McKinsey's Lilli Breach: Why Vendor Trust Is Not Enough
On March 9, 2026, a security researcher published a disclosure that should terrify every enterprise CISO: an autonomous AI agent breached McKinsey’s internal AI platform, Lilli, in under two hours. No credentials. No insider access. No human guidance.
The result? Full read and write access to 46.5 million chat messages about strategy, M&A, and client engagements - all stored in plaintext.
McKinsey fixed the vulnerabilities within hours of disclosure. They claim no evidence of unauthorized access beyond the security researcher. But that’s not the point.
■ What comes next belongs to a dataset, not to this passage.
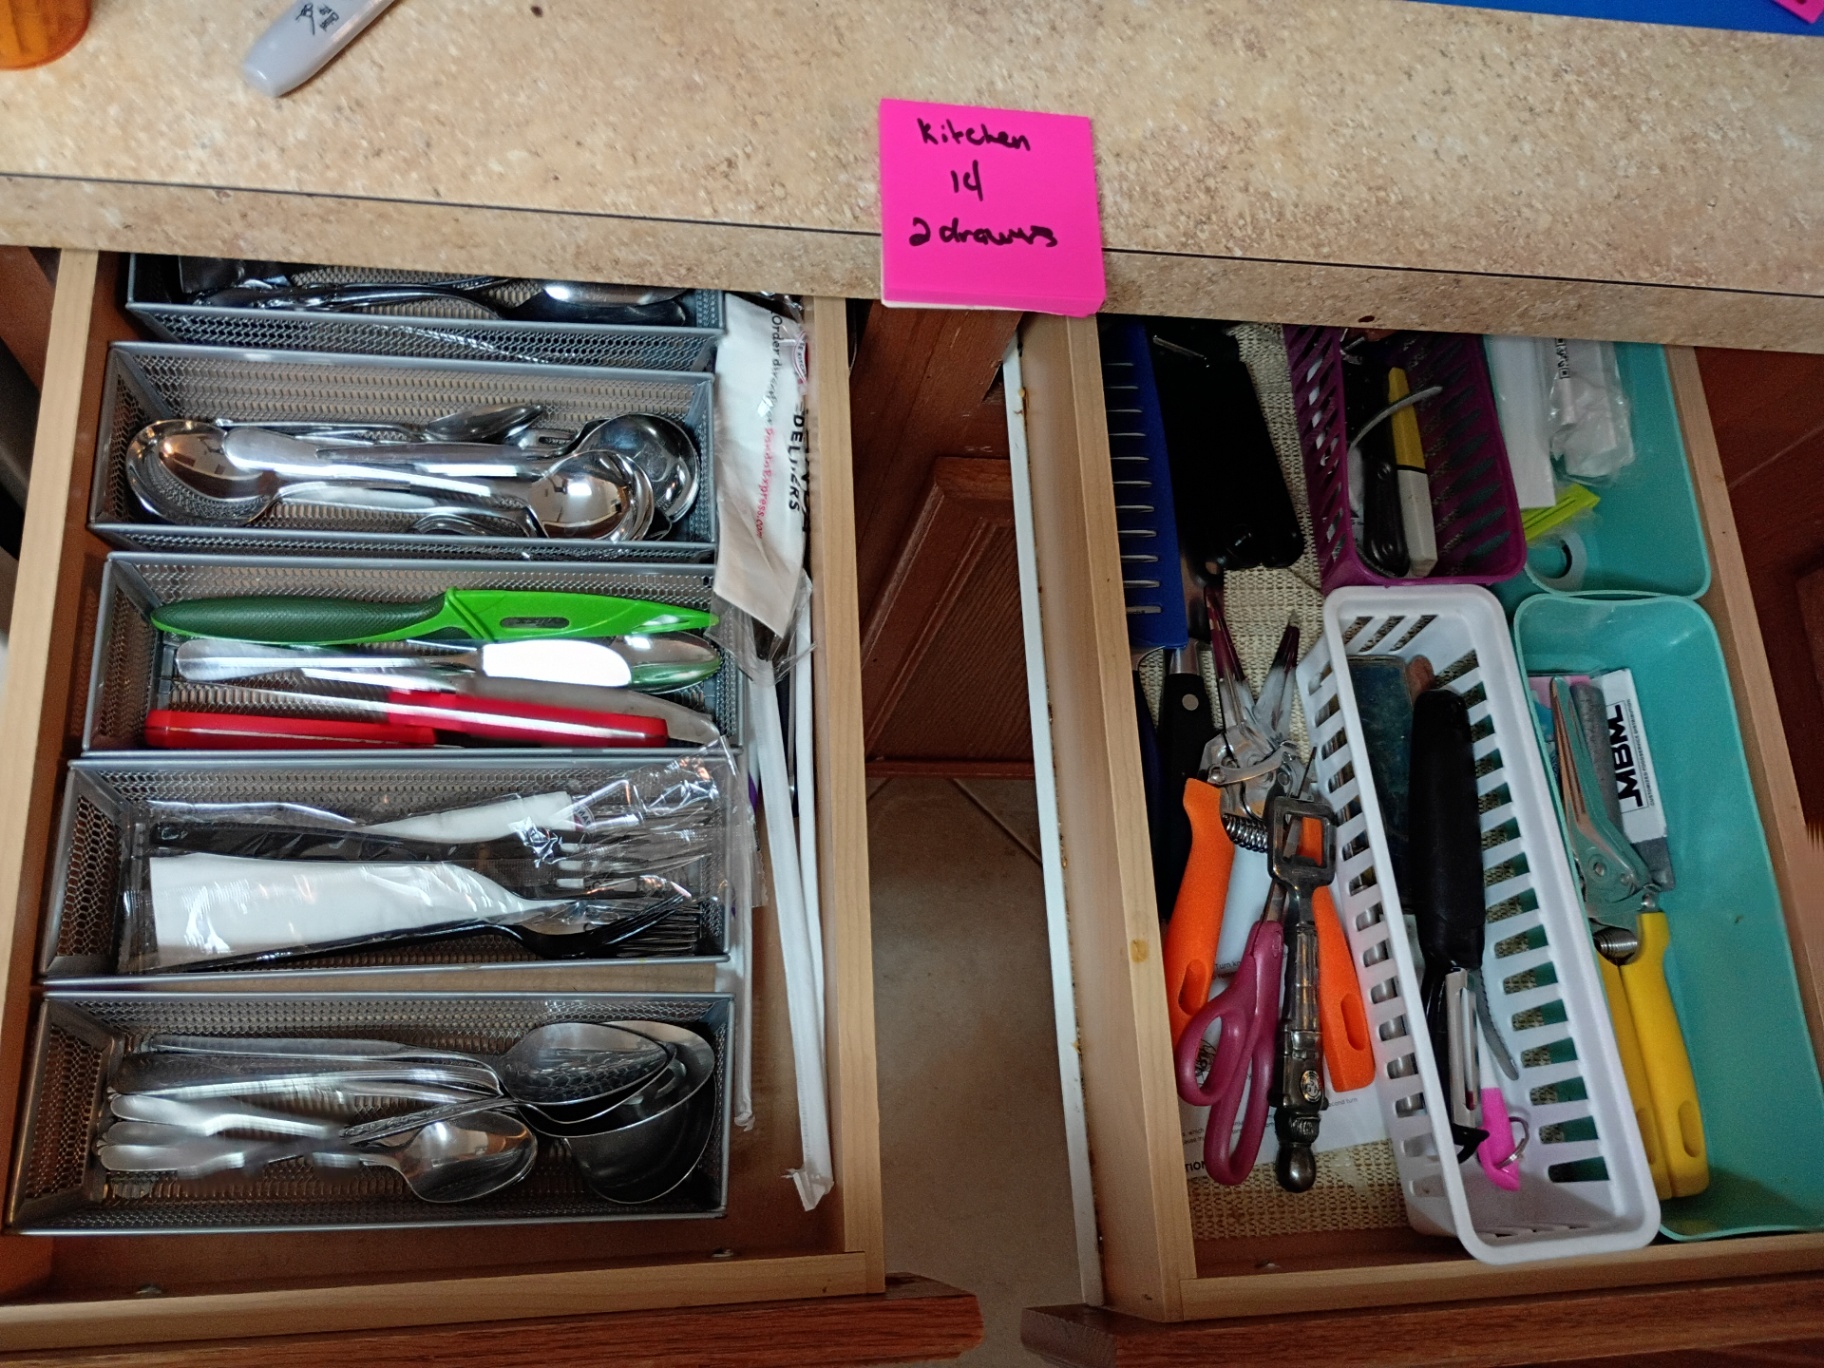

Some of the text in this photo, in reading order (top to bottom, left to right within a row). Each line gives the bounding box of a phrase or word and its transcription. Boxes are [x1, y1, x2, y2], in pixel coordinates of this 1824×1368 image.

The point is that one of the world’s most sophisticated consulting firms - a company that advises Fortune 500 companies on digital transformation and cybersecurity strategy - had 46 million confidential messages sitting in plaintext, protected by nothing more than an assumption that their vendor’s security was “good enough.”
The Attack: SQL Injection in 2026
Here’s what makes this breach particularly embarrassing: the vulnerability was SQL injection. Not a zero-day. Not a sophisticated supply chain attack. A vulnerability class that’s been in the OWASP Top 10 since 2003.
The agent found 22 API endpoints that required no authentication. One of these processed user search queries where the JSON keys - not the values, the keys - were concatenated directly into SQL. When database error messages started leaking production data, the agent recognized what traditional scanners missed.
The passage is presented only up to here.